(GOAL OF THE EXERCISE) Starting at the line with "this 2048×1152 image." in it, reproduce each line below through the last one, exactly, and include nothing else.

════════

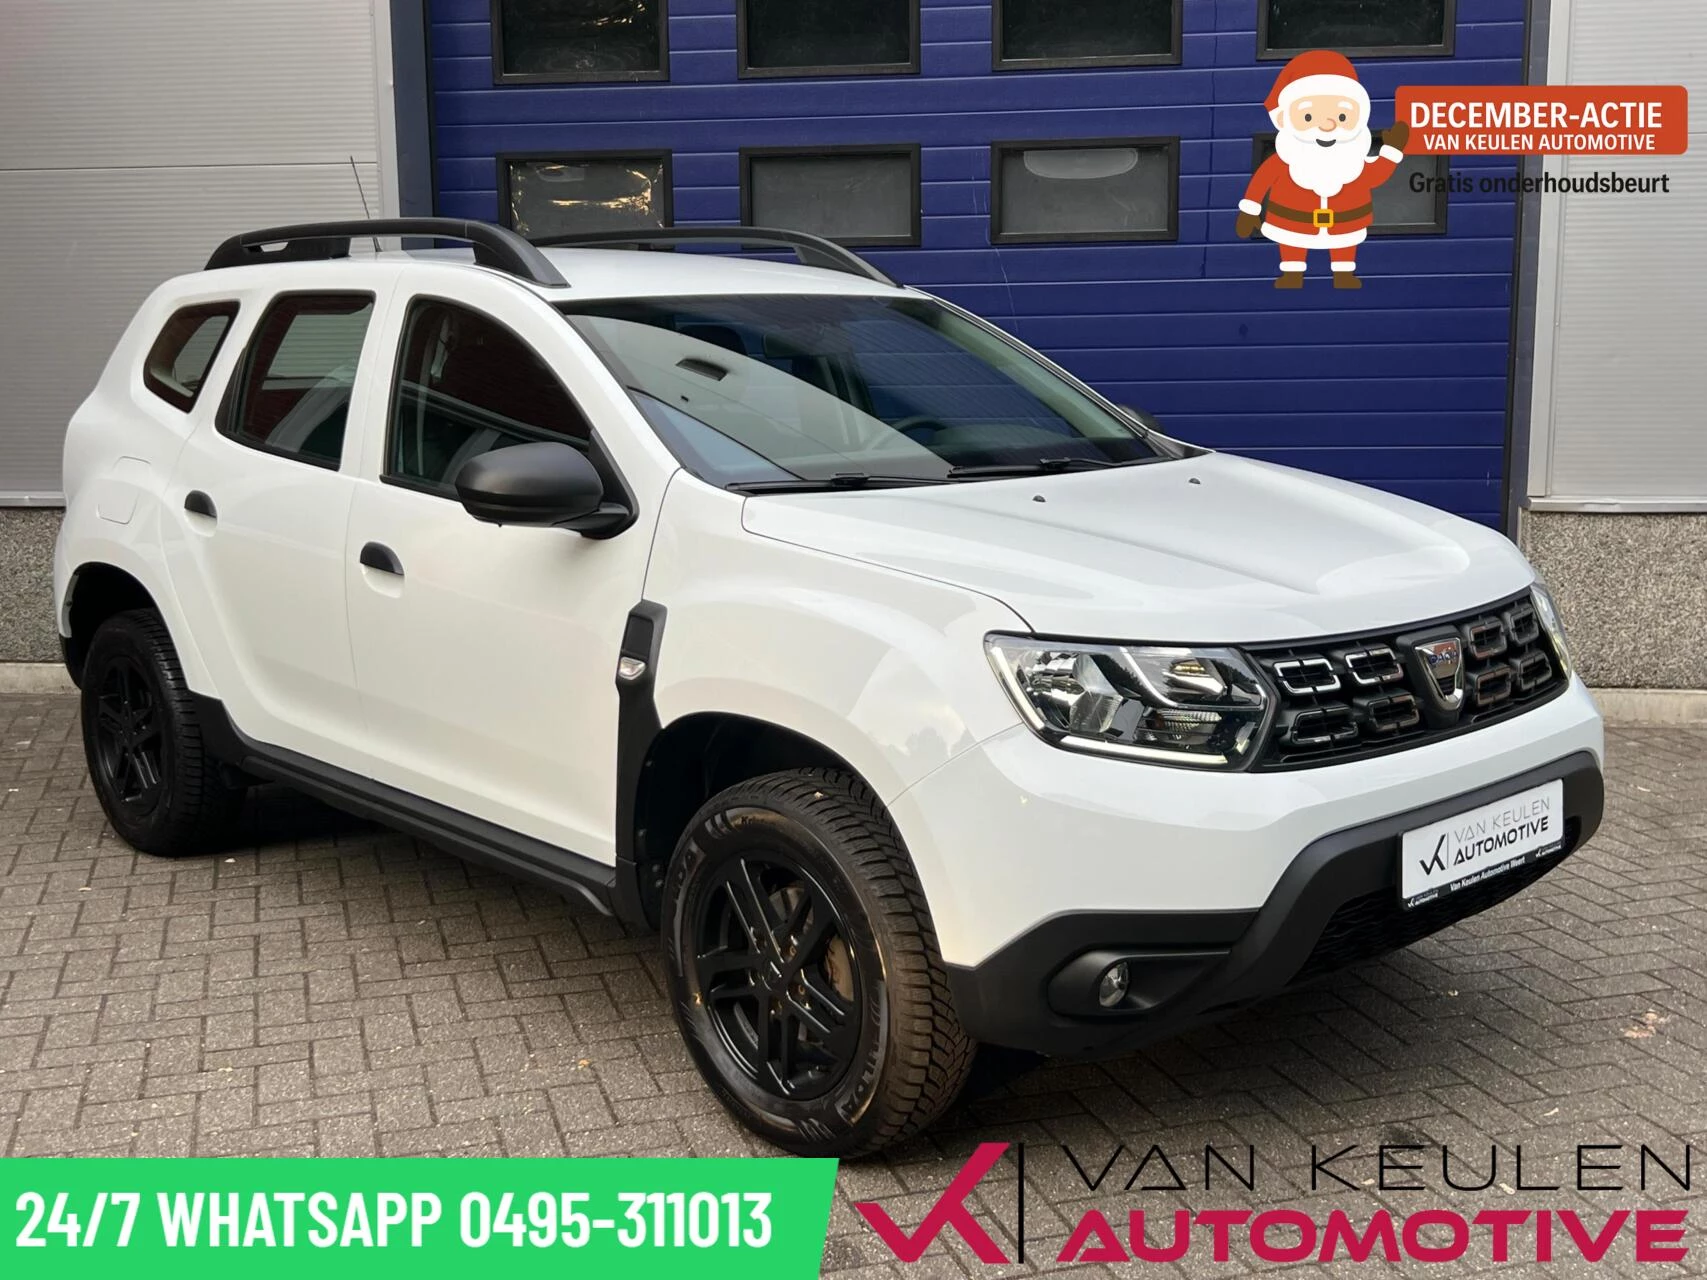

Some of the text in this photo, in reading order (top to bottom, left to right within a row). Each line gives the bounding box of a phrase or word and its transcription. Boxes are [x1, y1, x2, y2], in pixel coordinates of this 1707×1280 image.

[1453, 815, 1549, 866] AUTOMOTIVE
[1454, 796, 1550, 843] VAN KEULEN
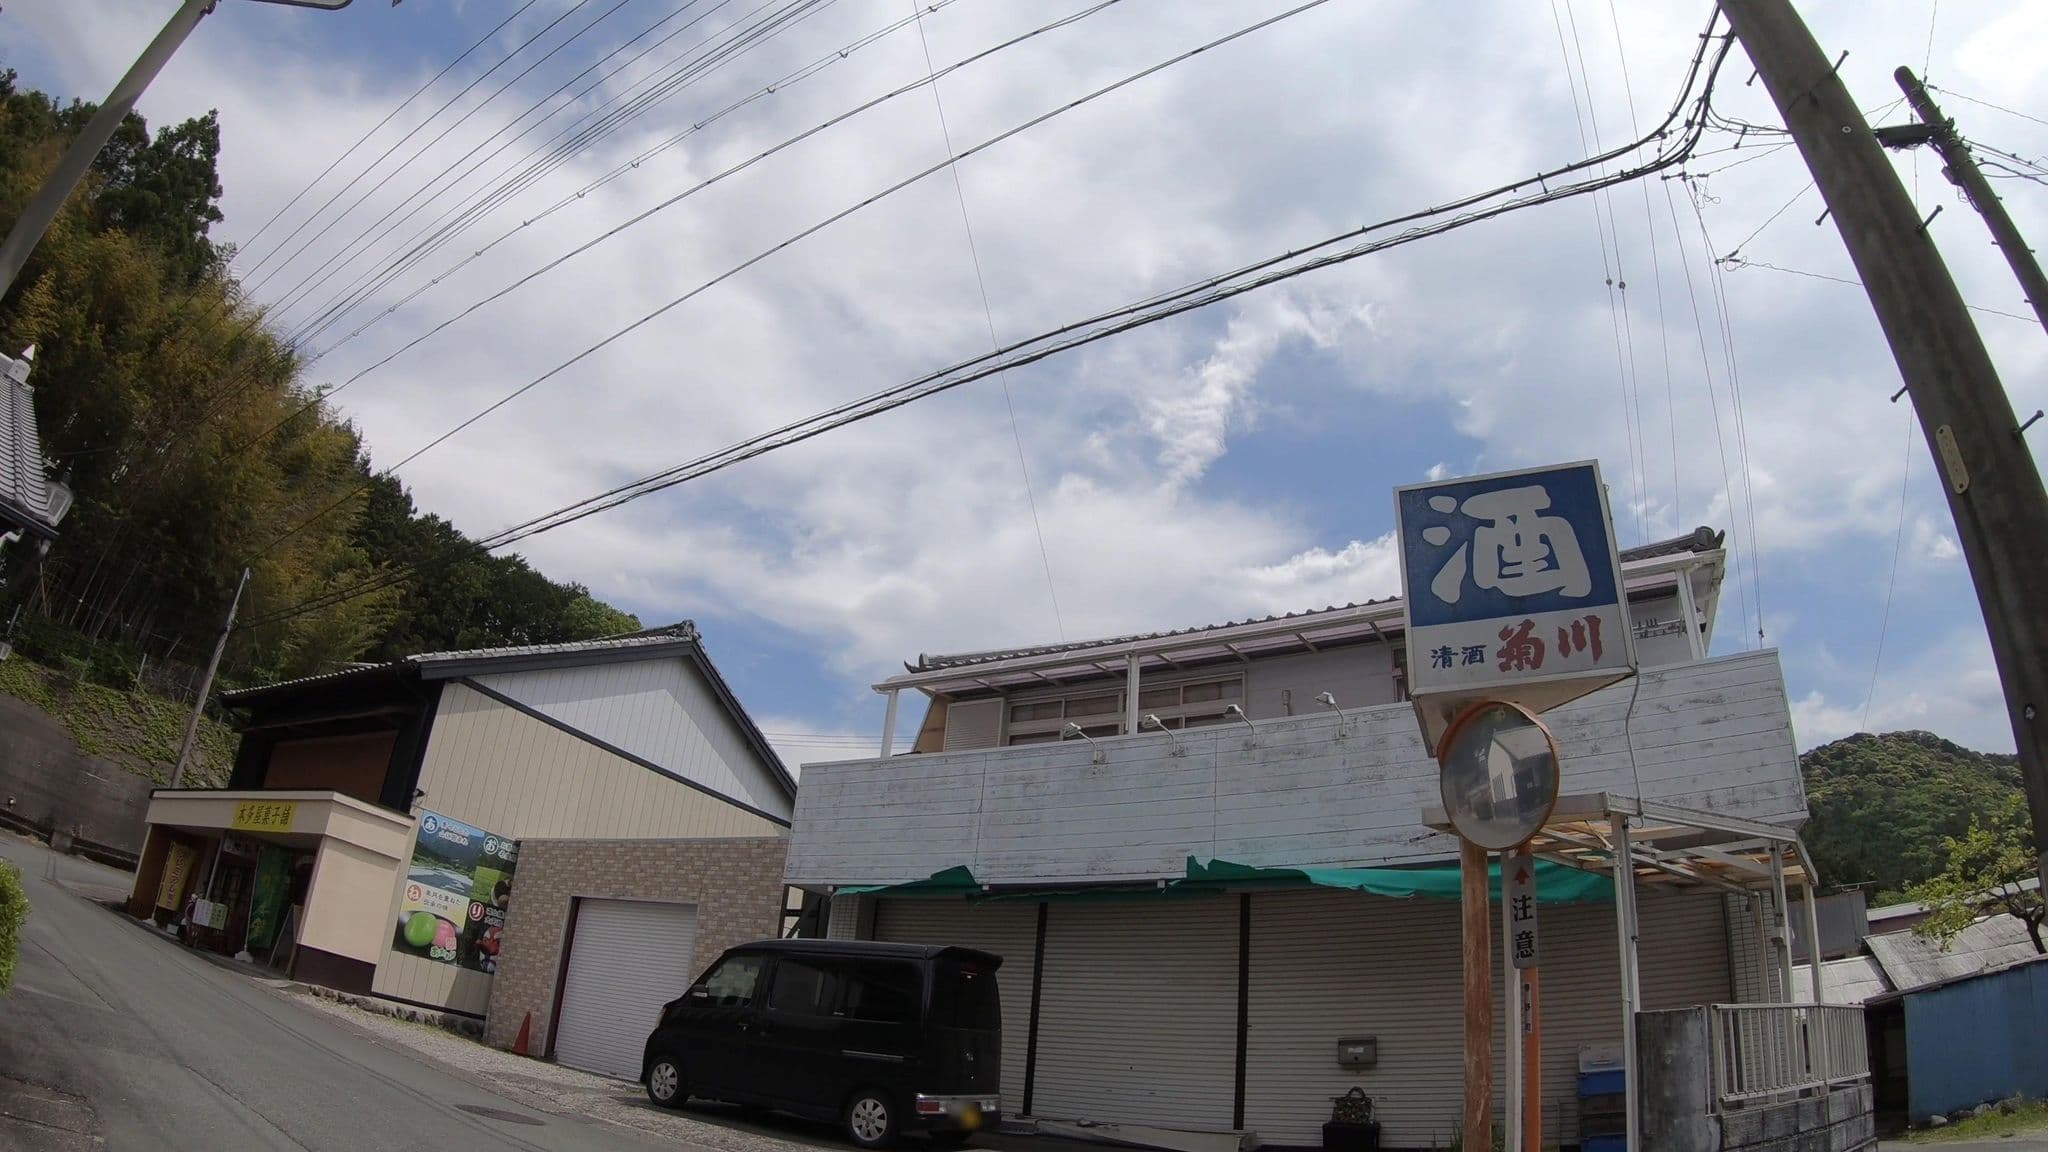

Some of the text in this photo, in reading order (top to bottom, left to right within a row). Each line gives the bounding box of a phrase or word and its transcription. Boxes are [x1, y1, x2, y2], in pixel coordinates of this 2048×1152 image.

[1422, 484, 1592, 604] 酒
[1430, 614, 1604, 673] 清酒 菊川
[1512, 893, 1535, 959] 注意

════════

(RESULT FOR THIS EXERCISE)
Some of the text in this photo, in reading order (top to bottom, left to right within a row). Each line gives the bounding box of a phrase or word and its transcription. Boxes are [x1, y1, x2, y2], in pixel coordinates of this 2048×1152 image.

[1422, 484, 1592, 604] 酒
[1430, 614, 1604, 673] 清酒 菊川
[1512, 893, 1535, 959] 注意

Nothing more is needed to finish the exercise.